Single photoemission computed tomography images of the chest or brain were regarded as positive when an abnormal 99mTC-tetrofosmin uptake that exceeded pulmonary or brain background was documented in at least two sequential planes (either transverse, or sagittal, or coronal). The abnormality was located into a pulmonary, hilar, or mediastinal region according to topographic criteria. Pulmonary uptakes adjacent to the chest wall were read as T3, whereas accumulations involving the mediastinal space were classified as T4 lesions. Mediastinal lesions were assigned to a definite lymph node station according to topographic criteria and the American Thoracic Society (ATS) lymph node mapping scheme.45

The data were visually evaluated by two experienced Nuclear Medicine Physicians (A.B. and A.F.) who had knowledge of the CT results and were blinded to the pathologic findings, according to the above definitions and the 1997 Revision of the International Staging System.43

Regions of interest were localized in the tumor mass and normal lung, both on planar (20 min and 120 min images) and SPECT images. From them, the tumor-to-normal lung ratio was obtained.

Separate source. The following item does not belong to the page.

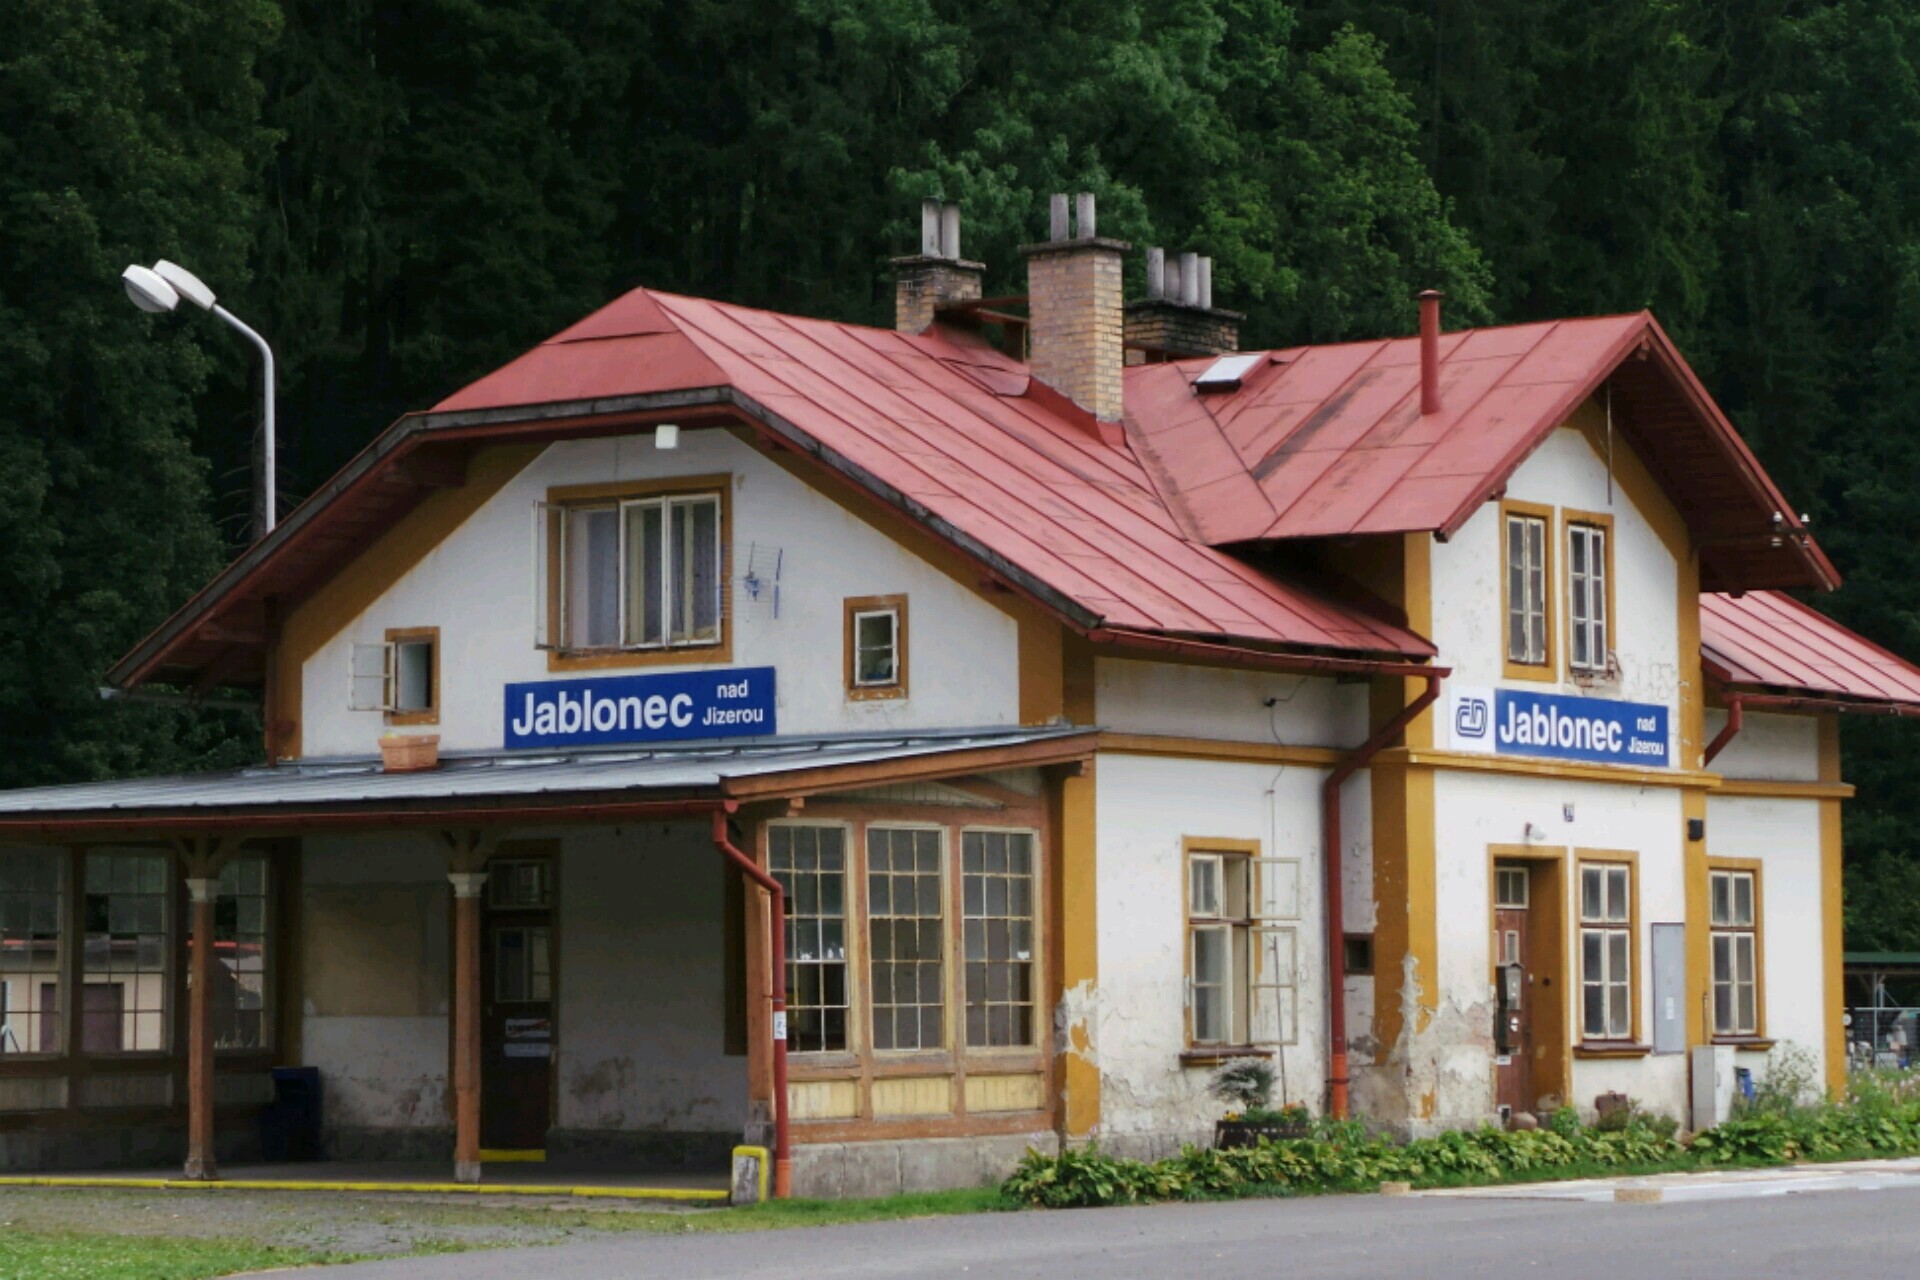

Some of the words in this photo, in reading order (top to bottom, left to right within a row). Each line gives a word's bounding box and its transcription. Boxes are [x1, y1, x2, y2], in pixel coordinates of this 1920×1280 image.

Thoracic CT: Technique and Reading

All patients included in this report were studied with a CT of the thorax, upper abdomen, and brain. Until October 1998, CT scans were performed on a conventional scanner (GE 9800, General Electric, Milwaukee, WI); then, a spiral-CT machine (CT twin flash; Elscint Ltd., Haifa, Israel) was used. Ten-millimeter-thick sections of the thorax were obtained at 1-cm intervals, during suspended inspiration, from the lung apices to the upper abdomen. In selected cases, 5-mm-thick sections at 5-mm-intervals were acquired through the region of interest. Iodinated intravenous contrast (150 mL bolus, plus 100 mL in slow infusion) was injected prior to all studies. Appropriate windows were used for viewing both lungs and soft tissues.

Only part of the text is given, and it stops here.